At least 10 more Turkish tanks on Thursday crossed the border into Syria a day after pro-Ankara Syrian opposition fighters ousted jihadists from the town of Jarabulus in a lightning operation.
The tanks were set to join those which had crossed the frontier on Wednesday in the so-called Operation Euphrates Shield, which Turkey says aims at ridding the northern Syrian border area of both Islamic State (IS) extremists and Kurdish militia.
Turkish President Recep Tayyip Erdogan said on Wednesday that the offensive had expelled IS from the Syrian town of Jarabulus, and pro-Ankara rebels reported the jihadists had retreated south to the town of Al-Bab.
The new contingent of tanks roared across a dirt road west of the Turkish border town of Karkamis, throwing up a cloud of dust in their wake before crossing the border, an AFP photographer said.
They were then followed by around 10 armoured vehicles.
The operation, the most ambitious launched by Turkey during the five-and-a-half-year Syria conflict, has seen Turkish special forces deployed on the ground and jet fighters striking IS targets.

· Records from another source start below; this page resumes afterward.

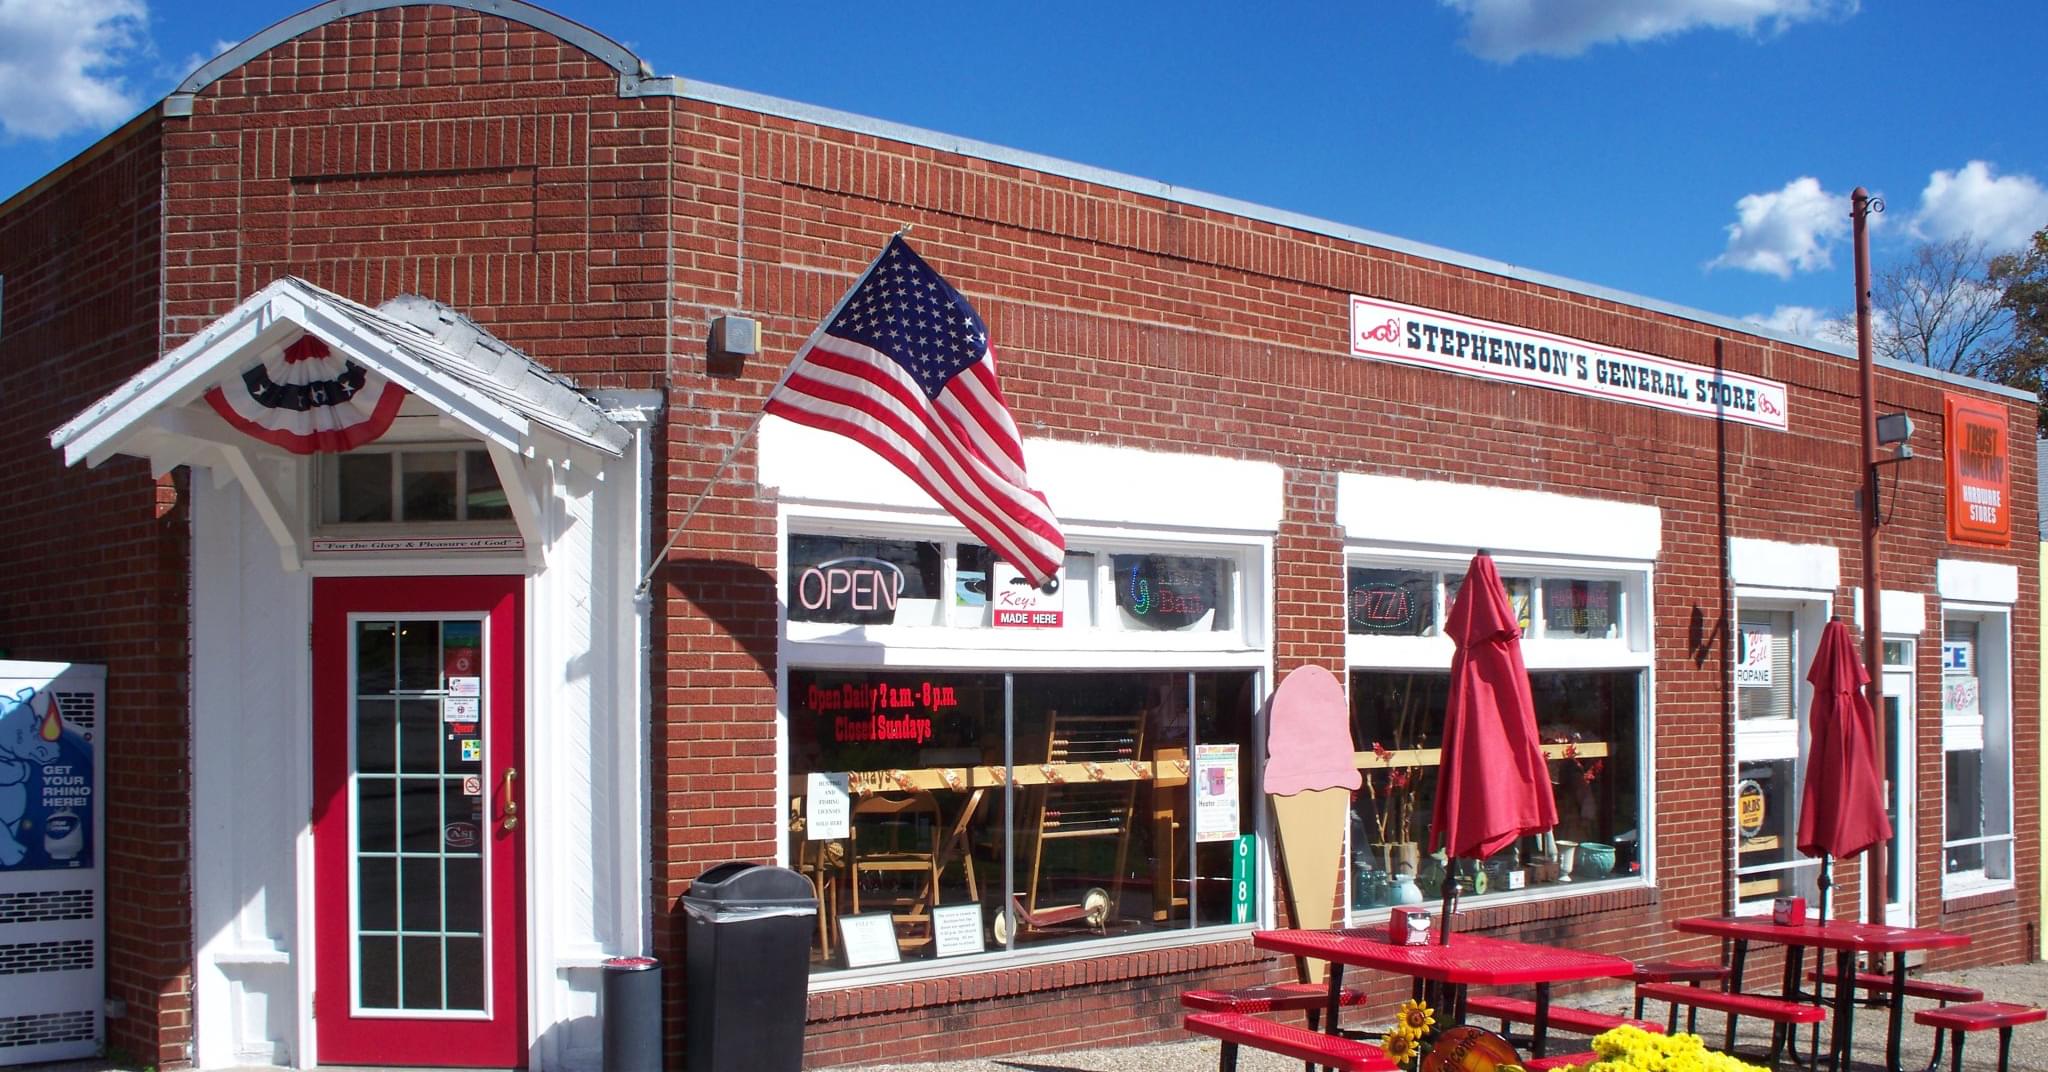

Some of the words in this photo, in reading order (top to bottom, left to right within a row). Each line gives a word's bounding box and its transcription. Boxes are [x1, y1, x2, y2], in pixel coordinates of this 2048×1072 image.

[1406, 321, 1588, 381] STEPHENSON'S
[1596, 358, 1688, 400] GENERAL
[1695, 378, 1756, 413] STORE
[1966, 422, 1998, 456] TRUST
[1959, 448, 2004, 484] WORTHY
[1962, 484, 2001, 508] HARDWARE
[1969, 504, 1997, 524] STORES
[799, 568, 898, 611] OPEN
[999, 591, 1037, 609] Keys
[1354, 590, 1409, 620] PIZZA
[1001, 613, 1028, 624] MADE
[1033, 613, 1058, 625] HERE
[1749, 645, 1767, 666] Sell
[1737, 669, 1769, 682] ROPANE
[808, 683, 841, 715] Open
[843, 683, 877, 713] Daily
[923, 682, 931, 707] 8
[932, 686, 957, 711] p.m.
[835, 715, 876, 741] Closed
[878, 714, 932, 744] Sundays
[43, 766, 73, 775] GET
[43, 776, 85, 785] YOUR
[43, 787, 91, 796] RHINO
[43, 797, 88, 807] HERE!

They are supporting a ground offensive by hundreds of Syrian rebels who on Wednesday marched into Jarabulus and a neighbouring village after meeting little resistance.
"Syrian opposition (fighters) settled in Jarabulus and have started to take control of the villages and towns," Prime Minister Binali Yildirim told Haberturk television in an interview.
It was not immediately clear if the deployment of the new tanks on Thursday was aimed at securing Jarabulus or helping the rebels move into new territory.
But a Turkish official said on Wednesday that Ankara would "continue operations until we are convinced that imminent threats against the country\’s national security have been neutralised."
The official emphasised that the Syrian rebels were leading the way with "Turkey\’s main role to facilitate (the) advances."
The well-connected columnist of the Hurriyet daily, Abdulkadir Selvi, said the aims of the operation included creating a security zone free of "terror groups" and limiting the advances of Kurdish militia.
He said 450 members of the Turkish military had been on the ground on the first day of the offensive but this number could rise to 15,000.
The Hurriyet daily, citing military sources, said 100 IS militants had been killed in the offensive. It is not possible to independently verify the toll.
State-run news agency Anadolu said one rebel fighter was killed but the Turkish armed forces sustained no losses.
Jarabulus, a small town on the west bank of the Euphrates a couple of kilometres (miles) south of the border, had been held by IS jihadists since the summer of 2013.
But Erdogan had also emphasised that the offensive was also aimed at People\’s Protection Units (YPG) Kurdish militia who have also been active in the area.
Turkey sees the YPG as a terror group bent on carving out an autonomous region in Syria.
Ankara\’s hostility to the YPG puts it at loggerheads with its NATO ally, the United States, which works with the group on the ground in the fight against IS.
But US Vice President Joe Biden, visiting Turkey on Wednesday, made clear that Washington has strictly told the YPG not to move west of the Euphrates after recent advances.
"They cannot, will not and under no circumstances (will) get American support if they do not keep that commitment. Period," said Biden.
With the operation fully coordinated with the United States, US A-10s and F-16s warplane also hit IS targets in Syria in support of the Turkish offensive, a US official said.
Ankara has in the past been accused of turning a blind eye to the rise of IS but hardened its line in the wake of a string of attacks — the latest a weekend bombing on a Kurdish wedding in the city of Gaziantep that left 54 people dead, many of them children.
The Jarabulus operation proceeded at lightning speed with the town captured from IS just 14 hours after it was launched.
The speed of the advance stood in stark contrast to the long, grinding battles it had taken for Kurdish forces to recapture towns from IS in northern Syria, such as Kobane and Manbij.
Turkish media said that the jihadists showed little resistance and published pictures showing that the rebel fighters even had time to take selfies along the way.
The apparent efficiency of the operation also marked a major boost for the Turkish army whose reputation had been badly tarnished by the failed July 15 coup against Erdogan staged by rogue elements in the armed forces.